=== PROVIDED ENTRIES ===
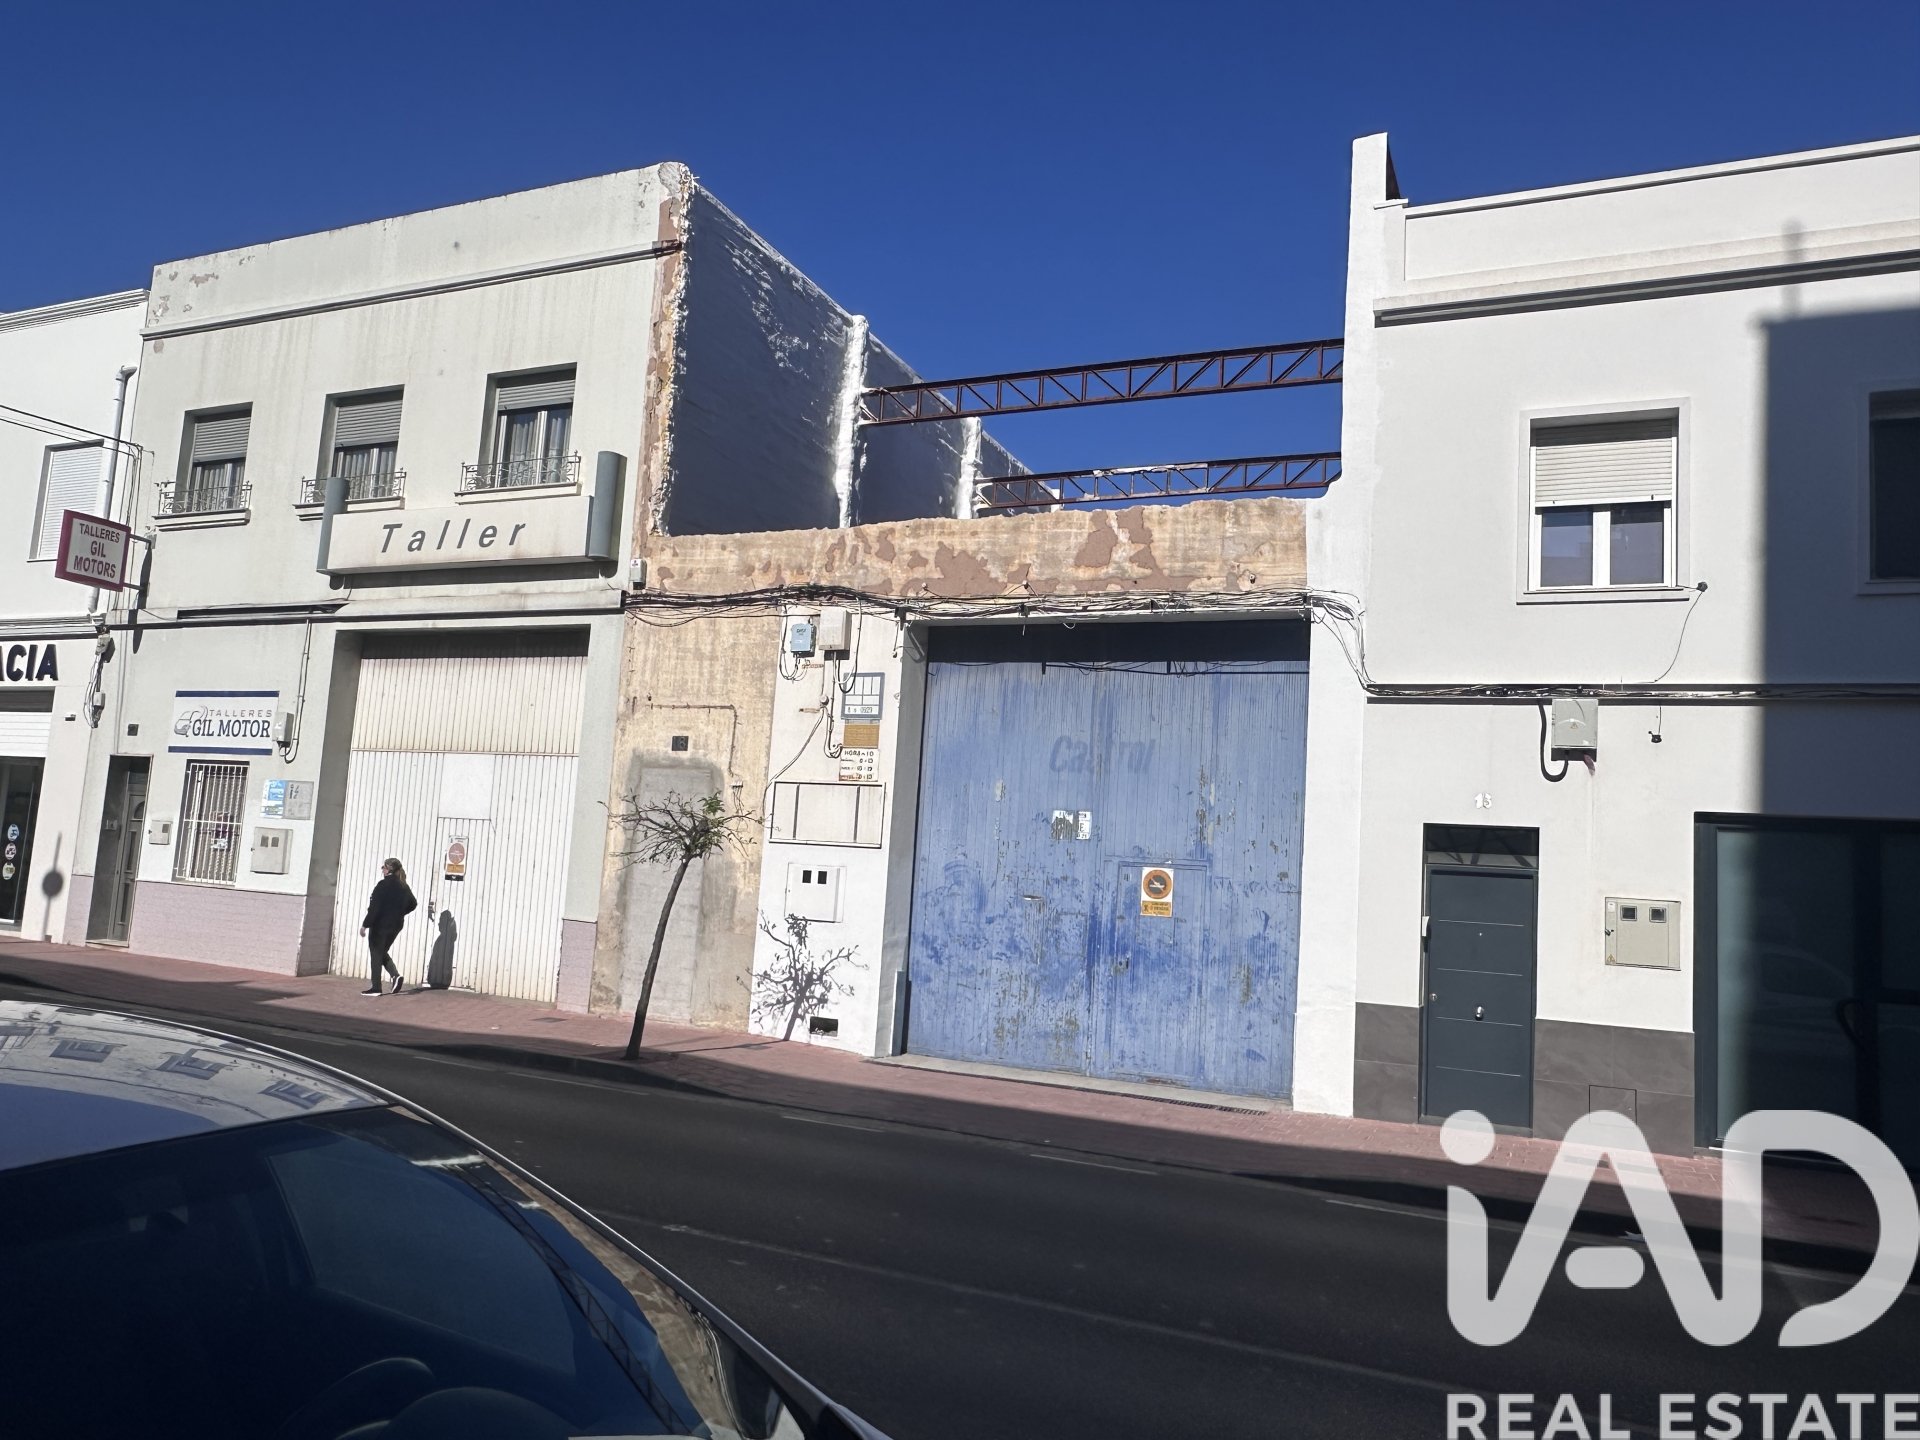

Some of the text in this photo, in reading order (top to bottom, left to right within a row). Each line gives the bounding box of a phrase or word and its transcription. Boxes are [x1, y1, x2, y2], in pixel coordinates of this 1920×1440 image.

[79, 522, 121, 544] TALLERES
[381, 518, 527, 553] Taller
[90, 540, 107, 558] GIL
[73, 555, 117, 579] MOTORS
[209, 709, 273, 718] TALLERES
[192, 718, 271, 738] GIL MOTOR
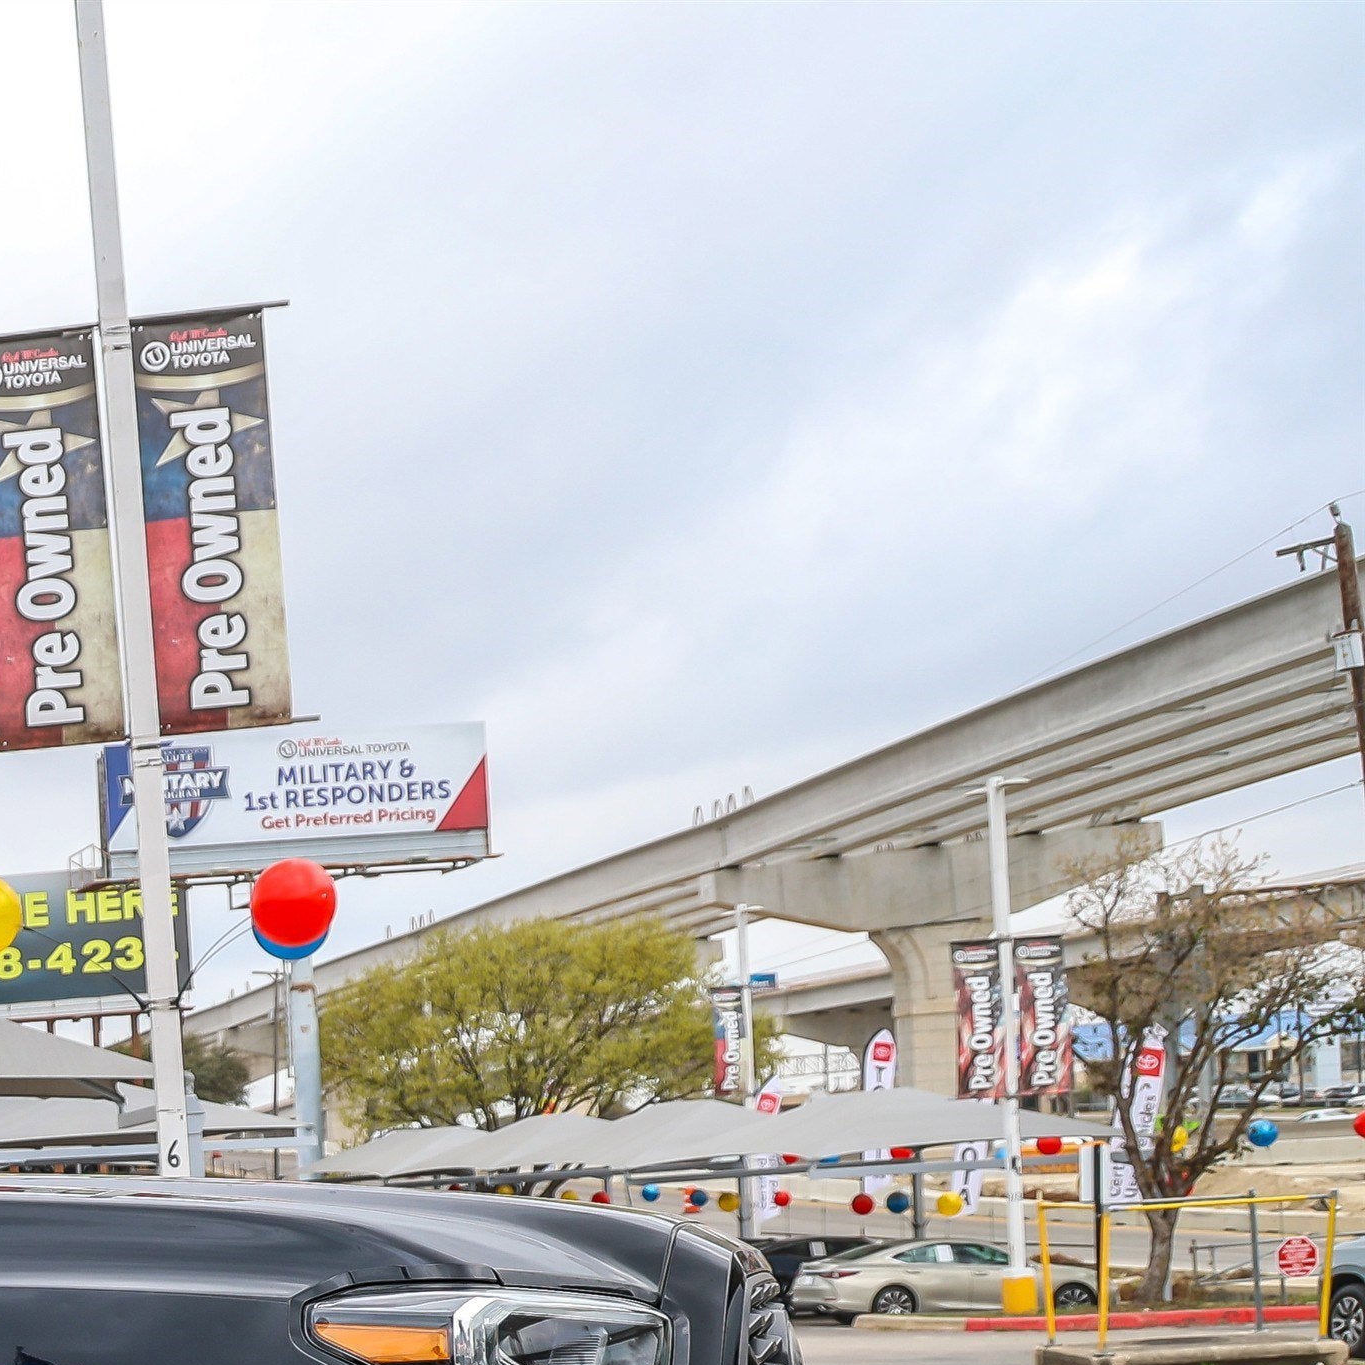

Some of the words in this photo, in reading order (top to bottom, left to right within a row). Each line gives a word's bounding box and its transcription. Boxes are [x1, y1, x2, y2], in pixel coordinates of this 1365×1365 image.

[170, 333, 256, 354] UNIVERSAL
[172, 350, 230, 369] TOYOTA
[3, 354, 87, 375] UNIVERSAL
[4, 370, 62, 389] TOYOTA
[169, 406, 244, 604] Owned
[1, 427, 77, 622] Owned
[189, 613, 250, 711] Pre
[25, 631, 85, 728] Pre
[299, 743, 365, 758] UNIVERSAL
[367, 741, 411, 754] TOYOTA
[278, 759, 393, 786] MILITARY
[399, 758, 416, 778] &
[244, 791, 279, 812] 1st
[285, 780, 452, 809] RESPONDERS
[261, 814, 291, 830] Get
[295, 809, 373, 828] Preferred
[378, 806, 437, 824] Pricing
[965, 975, 994, 1051] Owned
[1027, 972, 1057, 1047] Owned
[968, 1053, 994, 1090] Pre
[1031, 1049, 1057, 1086] Pre
[168, 1139, 180, 1168] 6
===
• [YOUR GOAL] Print every line of the data exactly. Pictures do not belong in the copy.

• [RESPONSE BOX]
Some of the text in this photo, in reading order (top to bottom, left to right within a row). Each line gives the bounding box of a phrase or word and its transcription. Boxes are [x1, y1, x2, y2], in pixel coordinates of this 1920×1440 image.

[79, 522, 121, 544] TALLERES
[381, 518, 527, 553] Taller
[90, 540, 107, 558] GIL
[73, 555, 117, 579] MOTORS
[209, 709, 273, 718] TALLERES
[192, 718, 271, 738] GIL MOTOR

Some of the words in this photo, in reading order (top to bottom, left to right within a row). Each line gives a word's bounding box and its transcription. Boxes are [x1, y1, x2, y2], in pixel coordinates of this 1365×1365 image.

[170, 333, 256, 354] UNIVERSAL
[172, 350, 230, 369] TOYOTA
[3, 354, 87, 375] UNIVERSAL
[4, 370, 62, 389] TOYOTA
[169, 406, 244, 604] Owned
[1, 427, 77, 622] Owned
[189, 613, 250, 711] Pre
[25, 631, 85, 728] Pre
[299, 743, 365, 758] UNIVERSAL
[367, 741, 411, 754] TOYOTA
[278, 759, 393, 786] MILITARY
[399, 758, 416, 778] &
[244, 791, 279, 812] 1st
[285, 780, 452, 809] RESPONDERS
[261, 814, 291, 830] Get
[295, 809, 373, 828] Preferred
[378, 806, 437, 824] Pricing
[965, 975, 994, 1051] Owned
[1027, 972, 1057, 1047] Owned
[968, 1053, 994, 1090] Pre
[1031, 1049, 1057, 1086] Pre
[168, 1139, 180, 1168] 6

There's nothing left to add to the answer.